**PROMPT:** The records that follow are to be repeated exactly, with the pictures removed.

**DATASET:**
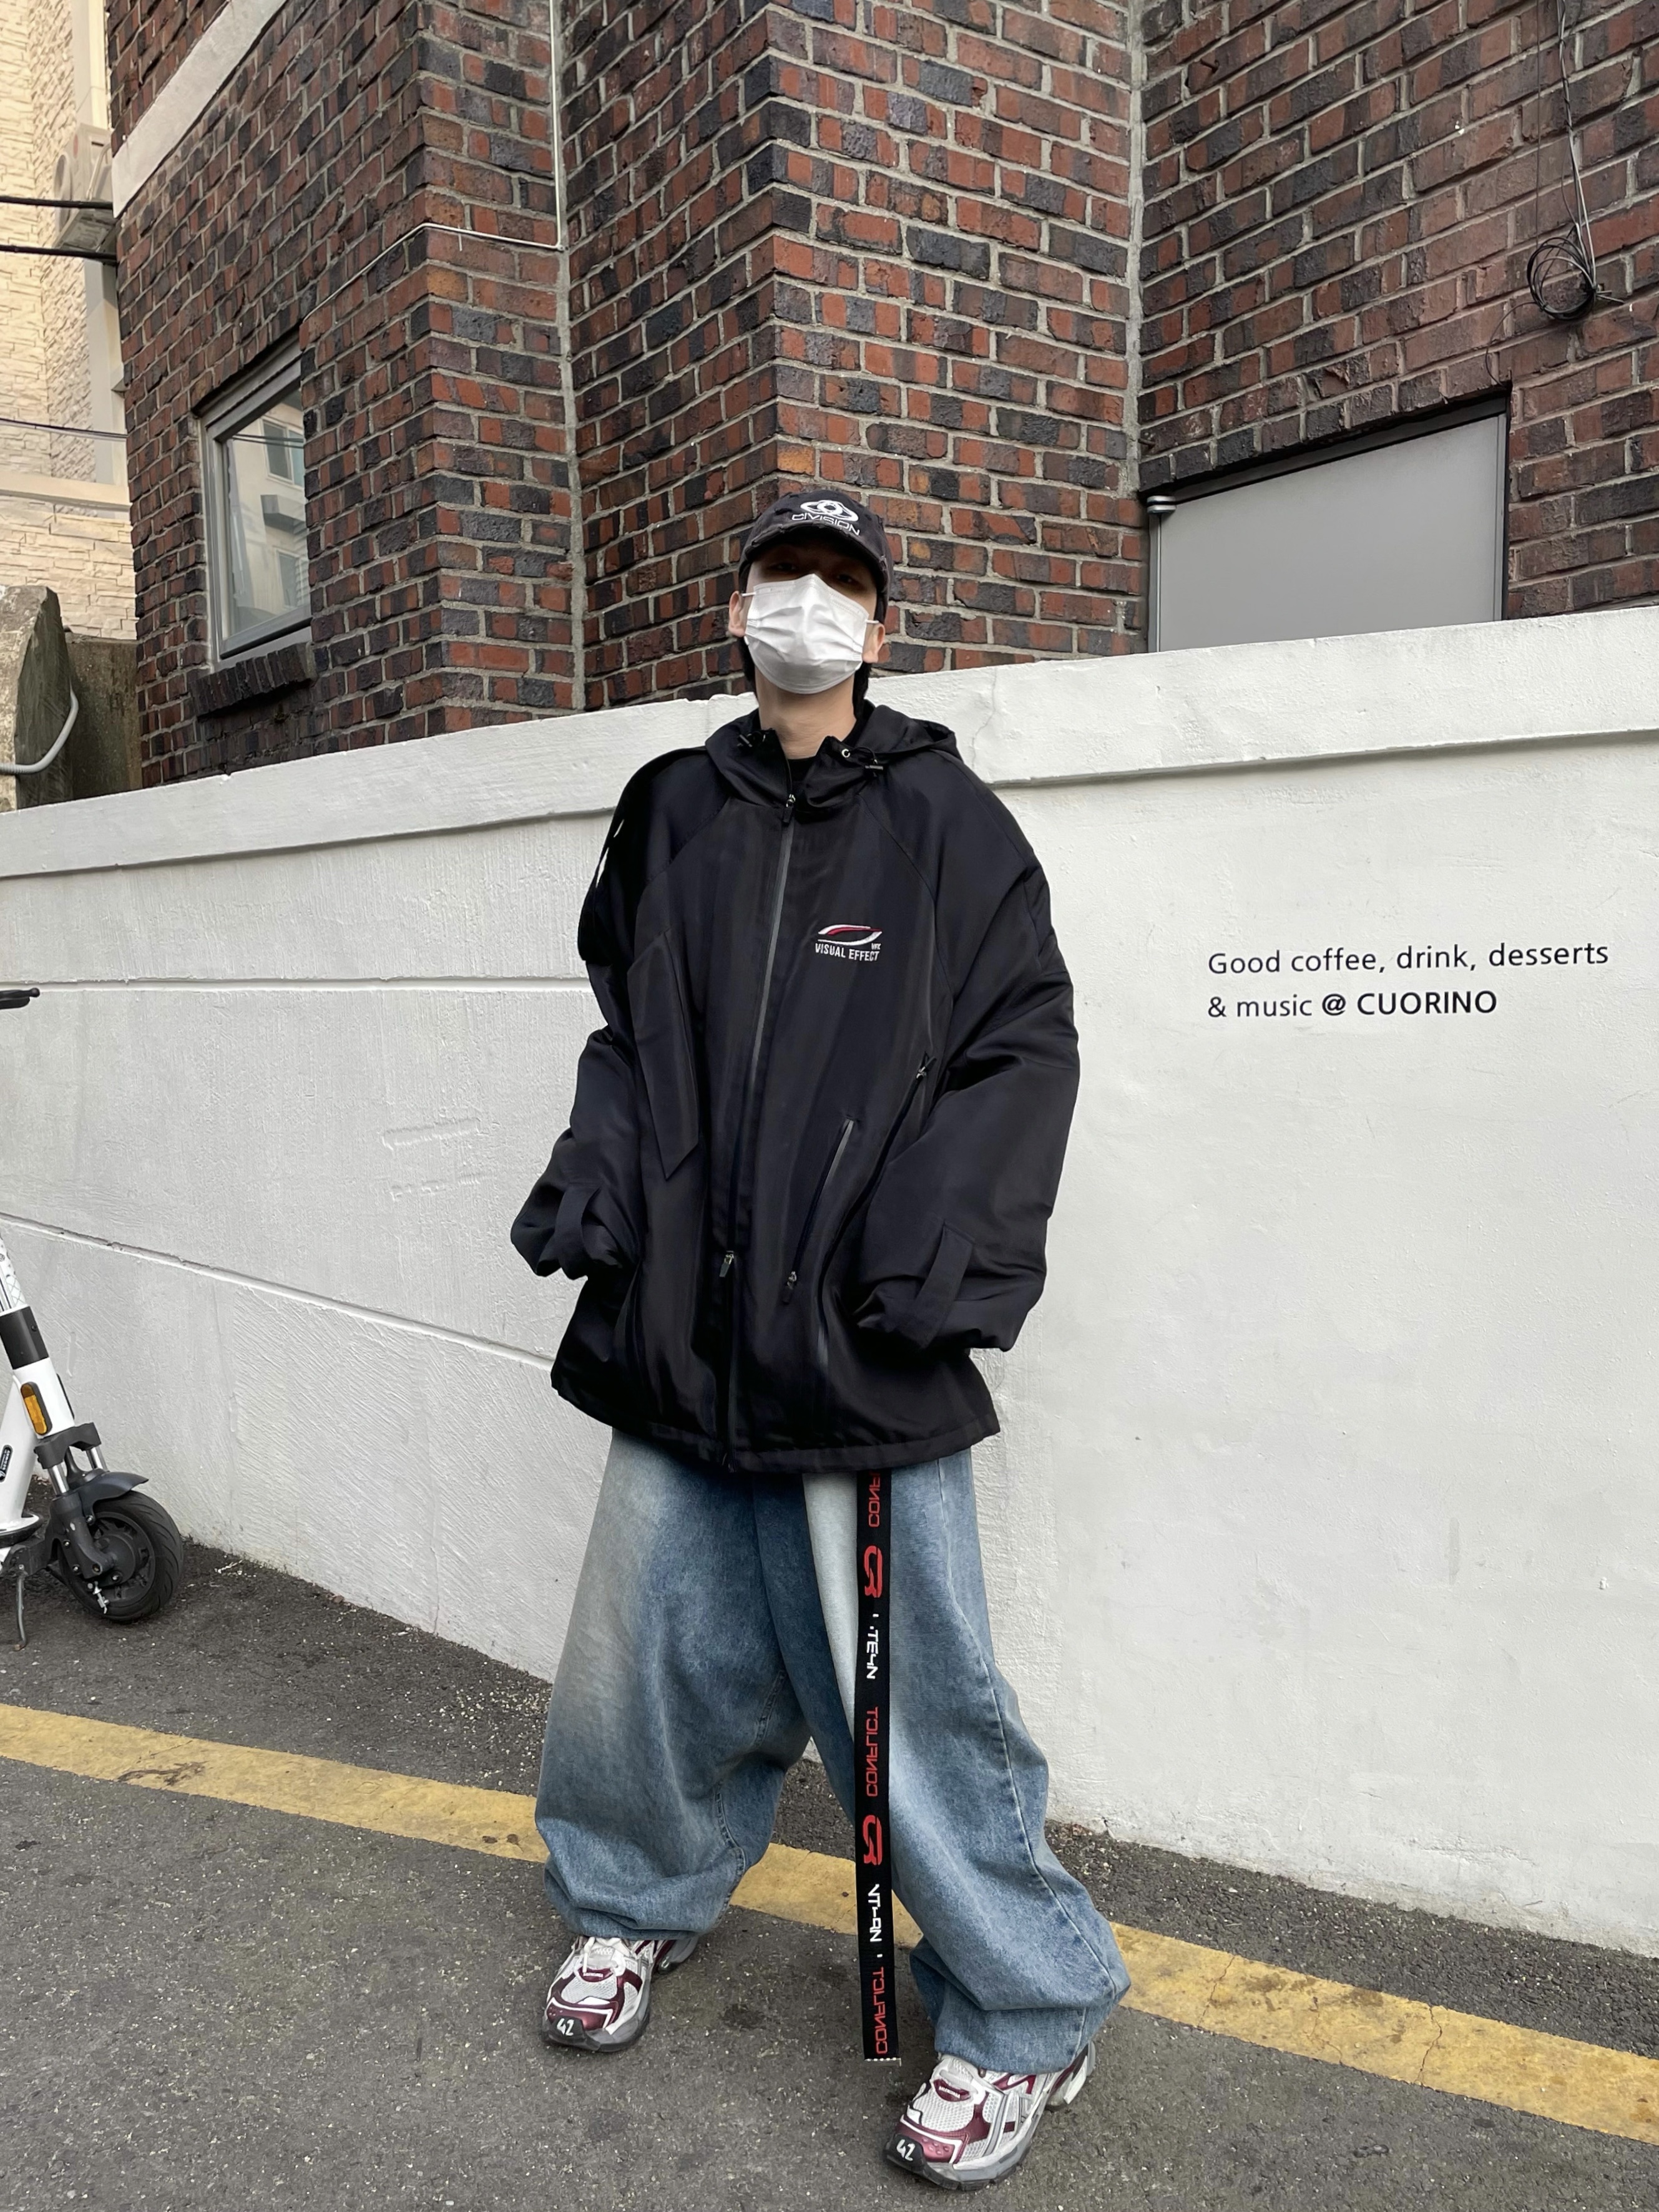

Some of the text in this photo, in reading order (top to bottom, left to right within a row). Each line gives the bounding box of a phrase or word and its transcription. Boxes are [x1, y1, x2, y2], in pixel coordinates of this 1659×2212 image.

[815, 943, 879, 962] VISUAL EFFECT
[1208, 942, 1609, 975] Good coffee, drink, desserts
[1208, 990, 1497, 1018] & music @ CUORINO
[556, 2017, 575, 2037] 42
[896, 2138, 916, 2161] 42

**EXERCISE RESPONSE:**
Some of the text in this photo, in reading order (top to bottom, left to right within a row). Each line gives the bounding box of a phrase or word and its transcription. Boxes are [x1, y1, x2, y2], in pixel coordinates of this 1659×2212 image.

[815, 943, 879, 962] VISUAL EFFECT
[1208, 942, 1609, 975] Good coffee, drink, desserts
[1208, 990, 1497, 1018] & music @ CUORINO
[556, 2017, 575, 2037] 42
[896, 2138, 916, 2161] 42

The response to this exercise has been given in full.